Automating database backups

We already know that backups (and even more so, restores) are of paramount importance.

The hard work we put into our projects must be safeguarded. In the context of teams and organizations this necessity becomes even more pronounced.

Nowadays, features such as codebase backup and version control are assumed as given when we use a git-based cloud provider, such as GitHub or GitLab.

Depending on how critical to the business an application is, you may want to consider further measures in assuring the codebase is backed up with appropriate redundancy.

But what about the database, and, more specifically, the data that it stores?

Once an application goes into production, its generated data has an incommensurable value. Loosing it is a scenario that an organization simply can't afford.

On the occurrence of hardware faults, software faults, or human errors, disaster recovery plans are crucial to ensure that organizations can respond quickly to minimize any negative effects on business operations. In the context of databases, the ability to recover is fundamentally defined by ability to restore.

In this article, we'll describe the implementation of an automated database backup process. It will execute daily, taking a snapshot of a production database, encrypting it, and securely sending it to a remote backup storage server.

Infrastructure and tools

As a general rule of thumb, before implementing a custom solution, one should investigate if the problem has already been solved.

Although many times we may find that it has been solved already, a solution that perfectly fits our requirements does either not exist or the effort to customize it is bigger than just implementing a solution of our own.

This was the case when I was asked to implement this automated database backup procedure. I didn't find anything matching the specificities of our setup, so I had to go with a custom solution.

Let's now examine the following diagram, an overview of the infrastructure and tools involved in the setup:

Diagram of automated backup procedure

We're working with two Linux servers:

the production server, where the database is running
the backup server, where database backups are stored

On the production server, we have a MySQL database running inside a Docker container.

Docker is an awesome containerization tool that helps standardizing development and deployment, by packaging applications and their dependencies.

On the same production server, we also have a cron job, configured to run a shell script that takes a snapshot of the database (including all the data it contains) and sends it to the backup server via SSH.

cron is a time-based job scheduler for Unix-like computer operating systems.

SSH is the de facto standard for secure remote access and data exchange between a client and a server. SSH is a vast subject. Here you can find information on how to configure it properly and manage its keys.

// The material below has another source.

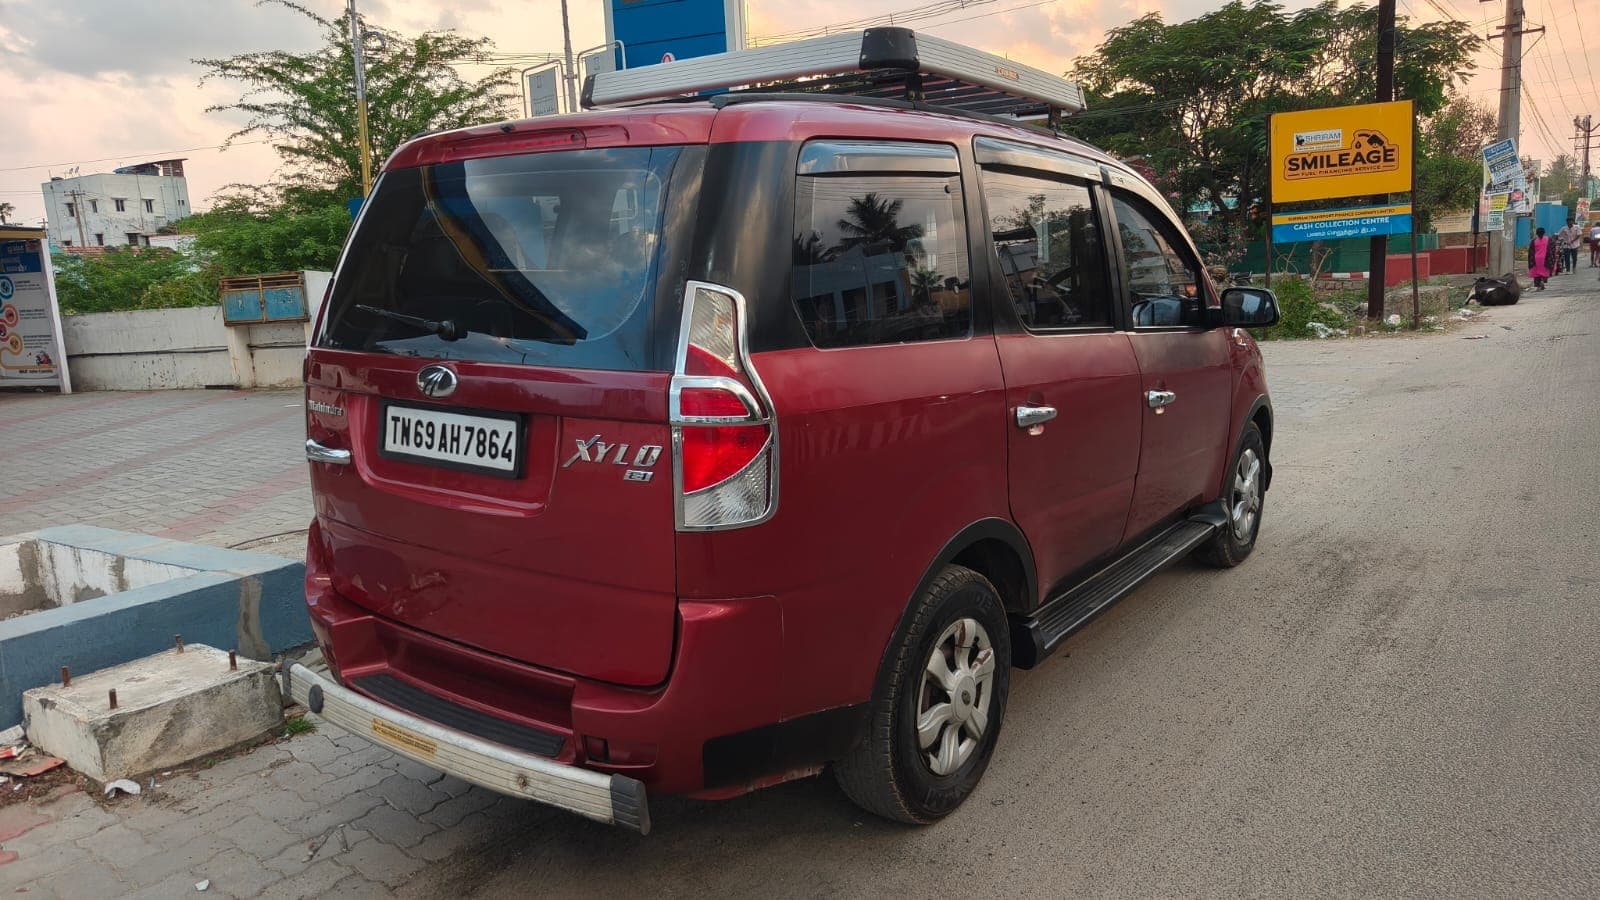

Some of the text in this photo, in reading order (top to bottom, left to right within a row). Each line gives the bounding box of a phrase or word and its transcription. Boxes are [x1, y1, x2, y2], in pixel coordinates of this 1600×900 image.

The purpose of this article is not to serve as a step-by-step guide (although you can pretty much use it as such) - but more as a general description of how the procedure was implemented in a real production setting, so that you can adapt it to your specific setup.

Backup script

Before executing any procedure in production, always make sure to test it beforehand in a development/staging environment.

Let's now examine the production server shell script /root/database-backup/db-backup-production.sh. This file is the core of the backup procedure. When executed, it will access the Docker container and export a database snapshot, zip it, encrypt it with GPG, and securely copy the resulting file to the backup server.

cd /root/database-backup

today=$(date +"%Y-%m-%d")
timestamp=$(date +%s)

printf "Starting backup %s %s\n" $today $timestamp

docker exec container_database_1 mysqldump -u root --password=password123 --events --routines --triggers bd > backup_db_${today}_${timestamp}.sql

zip backup-db_${today}_${timestamp}.zip backup_db_*
gpg -c --batch --passphrase pass123 backup-db_${today}_${timestamp}.zip
mkdir -p backups
scp backup-db_${today}_${timestamp}.zip.gpg backup-repo-host.com:~/database-backups

printf "Backup completed!\n"
printf "\n"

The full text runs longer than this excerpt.